▶ **Exercise brief**
Leaving out every picture, quote the data below exactly as it appears.

BEGIN Entries provided

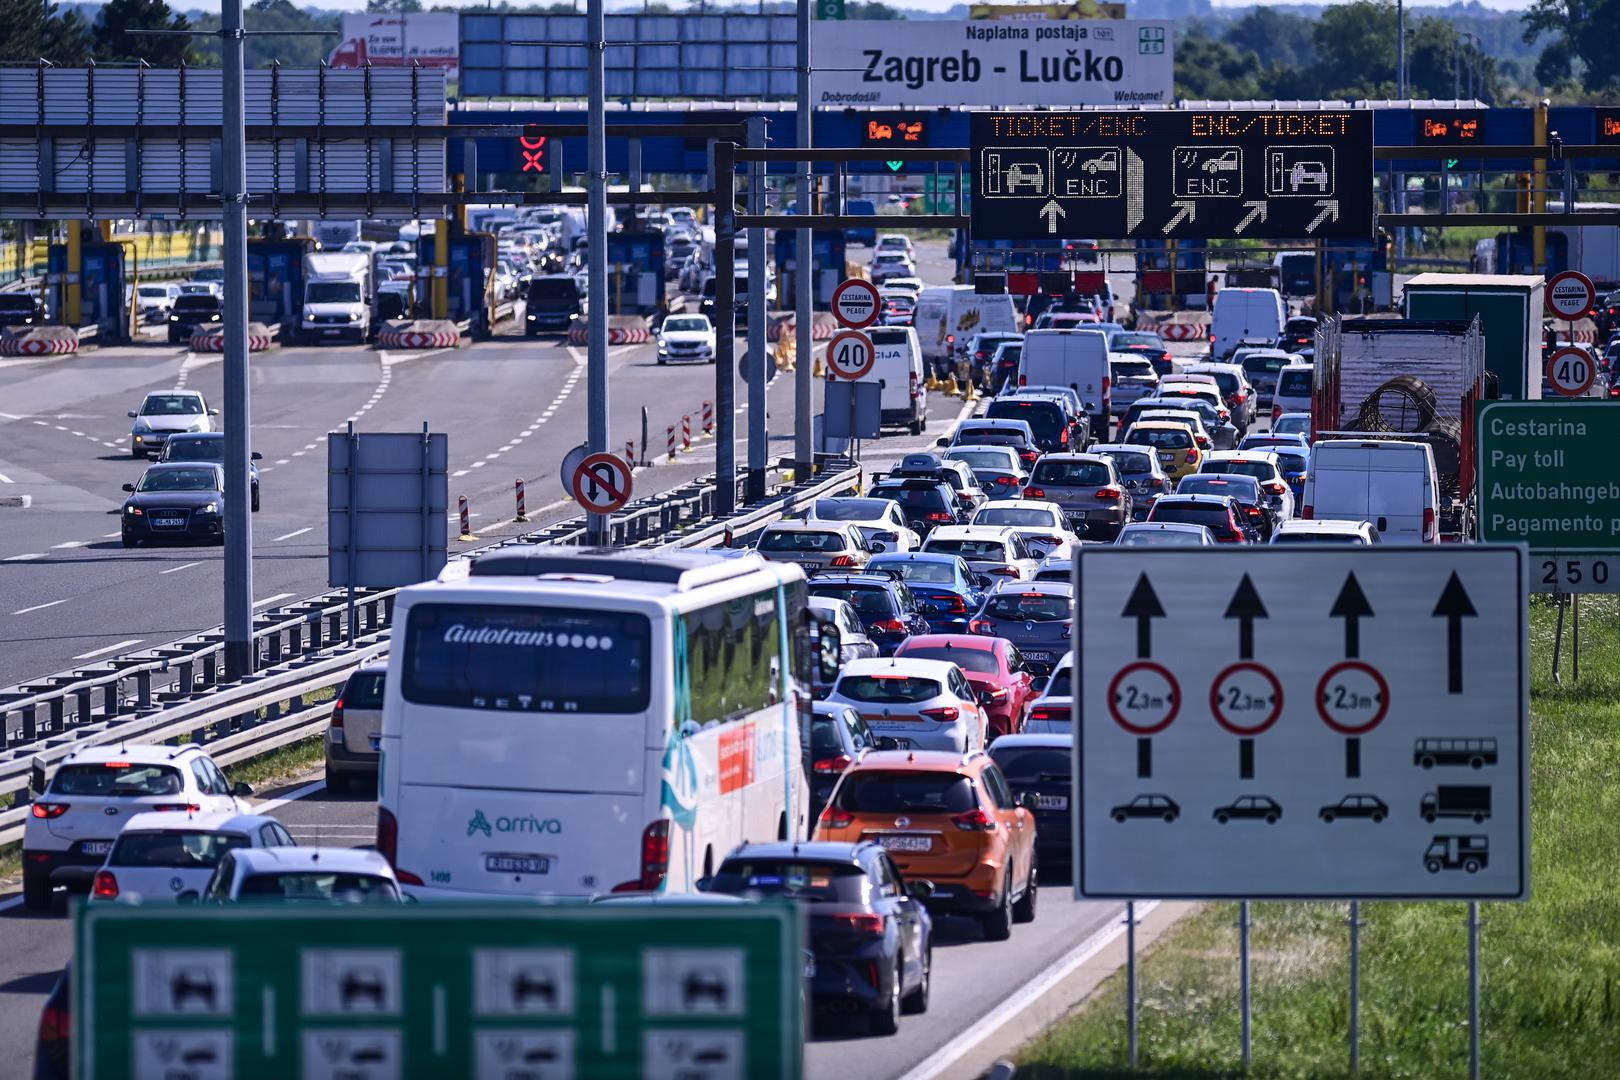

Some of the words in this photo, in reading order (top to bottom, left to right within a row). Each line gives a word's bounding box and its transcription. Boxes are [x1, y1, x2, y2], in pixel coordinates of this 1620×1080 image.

[966, 25, 1029, 42] Naplatna
[1035, 25, 1088, 42] postaja
[862, 49, 981, 90] Zagreb
[1020, 49, 1124, 83] Lučko
[821, 91, 881, 102] Dobrodošli!
[1114, 90, 1164, 102] Welcome!
[990, 116, 1146, 136] TICKET/ENC
[1192, 115, 1350, 136] ENC/TICKET
[1067, 179, 1108, 195] ENC
[1187, 178, 1229, 194] ENC
[846, 307, 867, 315] PEAGE
[837, 344, 865, 367] 40
[1557, 361, 1586, 384] 40
[1491, 418, 1587, 436] Cestarina
[1491, 450, 1527, 472] Pay
[1534, 450, 1564, 467] toll
[1492, 514, 1603, 535] Pagamento
[495, 814, 562, 834] arriva
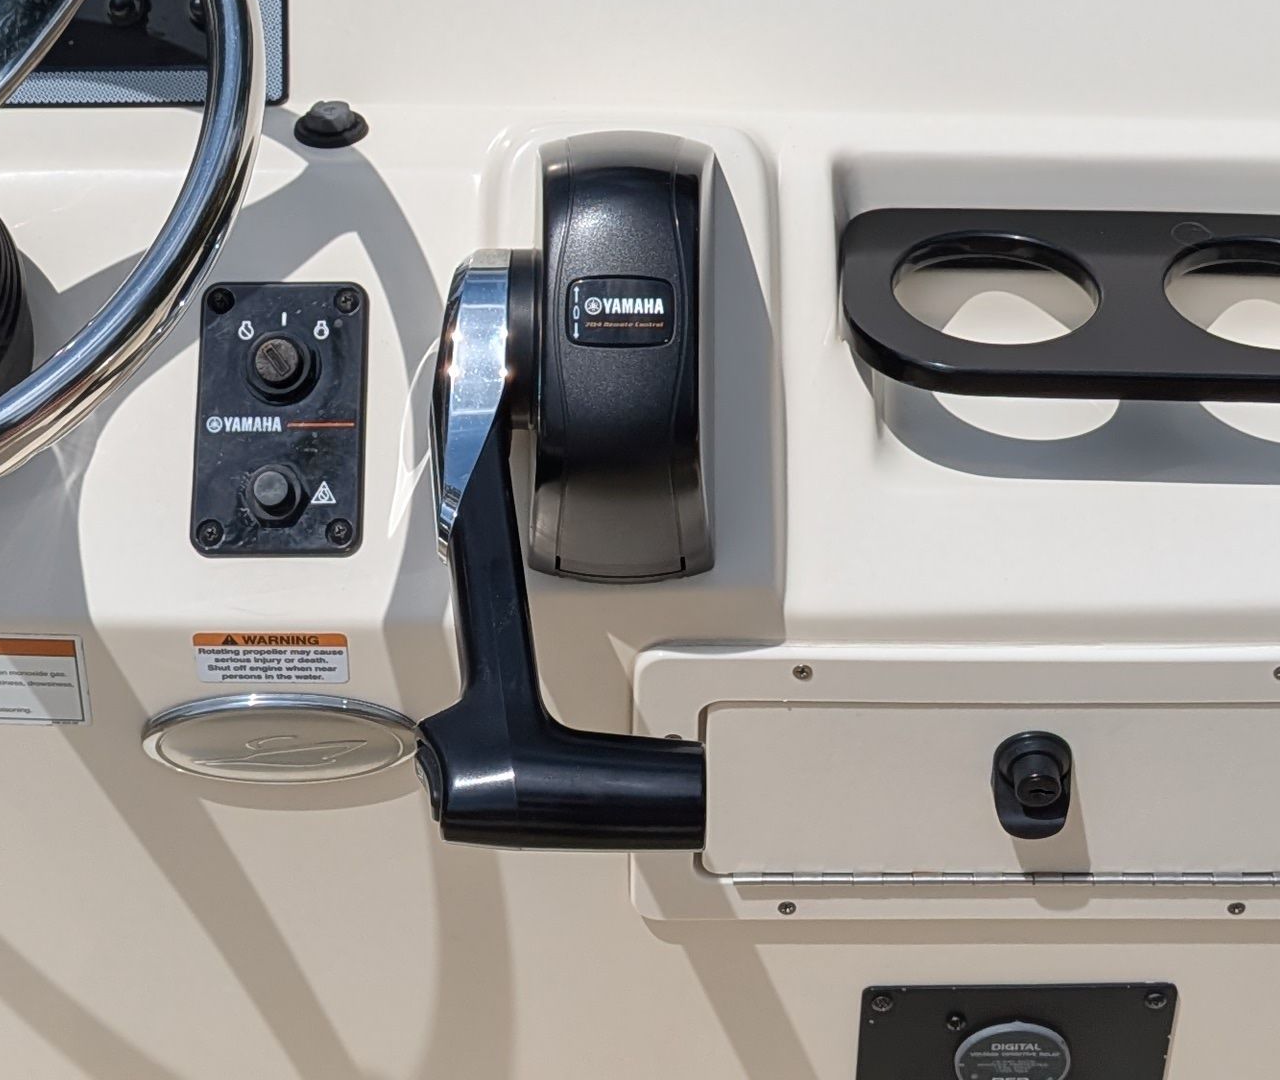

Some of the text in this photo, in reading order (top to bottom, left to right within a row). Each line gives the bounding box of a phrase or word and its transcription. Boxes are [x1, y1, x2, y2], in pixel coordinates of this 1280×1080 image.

[602, 298, 664, 314] YAMAHA
[224, 416, 282, 432] YAMAHA
[242, 636, 319, 645] WARNING
[991, 1043, 1041, 1051] DIGITAL
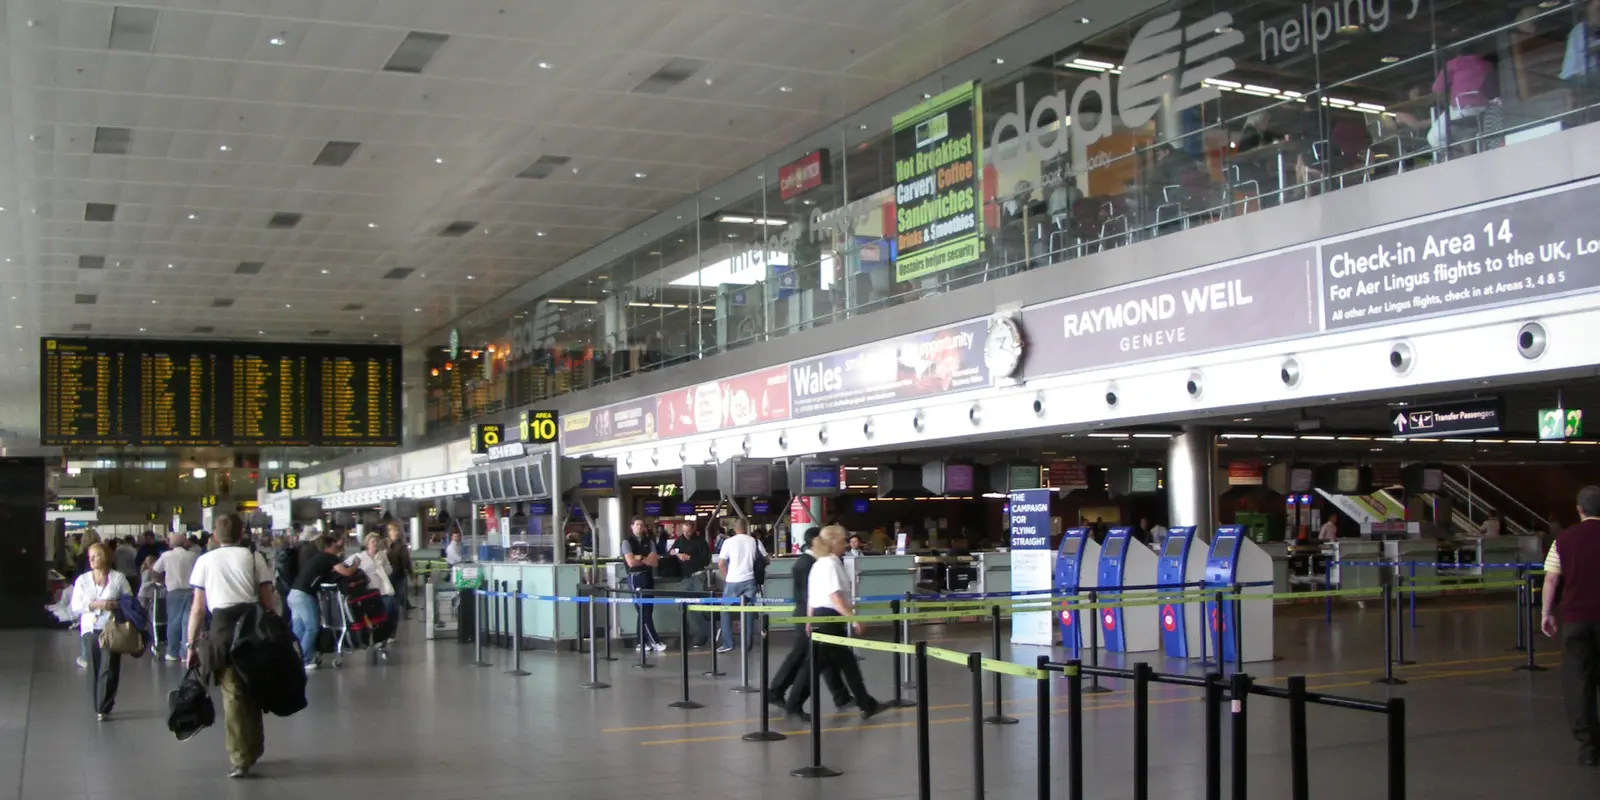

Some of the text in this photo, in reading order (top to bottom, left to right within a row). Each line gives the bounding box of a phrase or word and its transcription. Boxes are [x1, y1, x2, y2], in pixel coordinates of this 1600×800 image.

END Entries provided

▶ **The answer**
Some of the words in this photo, in reading order (top to bottom, left to right within a row). Each line gives a word's bounding box and its transcription. Boxes are [x1, y1, x2, y2], in pixel coordinates of this 1620×1080 image.

[966, 25, 1029, 42] Naplatna
[1035, 25, 1088, 42] postaja
[862, 49, 981, 90] Zagreb
[1020, 49, 1124, 83] Lučko
[821, 91, 881, 102] Dobrodošli!
[1114, 90, 1164, 102] Welcome!
[990, 116, 1146, 136] TICKET/ENC
[1192, 115, 1350, 136] ENC/TICKET
[1067, 179, 1108, 195] ENC
[1187, 178, 1229, 194] ENC
[846, 307, 867, 315] PEAGE
[837, 344, 865, 367] 40
[1557, 361, 1586, 384] 40
[1491, 418, 1587, 436] Cestarina
[1491, 450, 1527, 472] Pay
[1534, 450, 1564, 467] toll
[1492, 514, 1603, 535] Pagamento
[495, 814, 562, 834] arriva

Some of the text in this photo, in reading order (top to bottom, left to right within a row). Each line gives the bounding box of a phrase or word and its transcription. Boxes are [x1, y1, x2, y2], in pixel coordinates of this 1280×1080 image.

[602, 298, 664, 314] YAMAHA
[224, 416, 282, 432] YAMAHA
[242, 636, 319, 645] WARNING
[991, 1043, 1041, 1051] DIGITAL

Some of the text in this photo, in reading order (top to bottom, left to right within a row). Each line gives the bounding box of a phrase or word and its transcription. Boxes are [x1, y1, x2, y2], in pixel coordinates of this 1600×800 image.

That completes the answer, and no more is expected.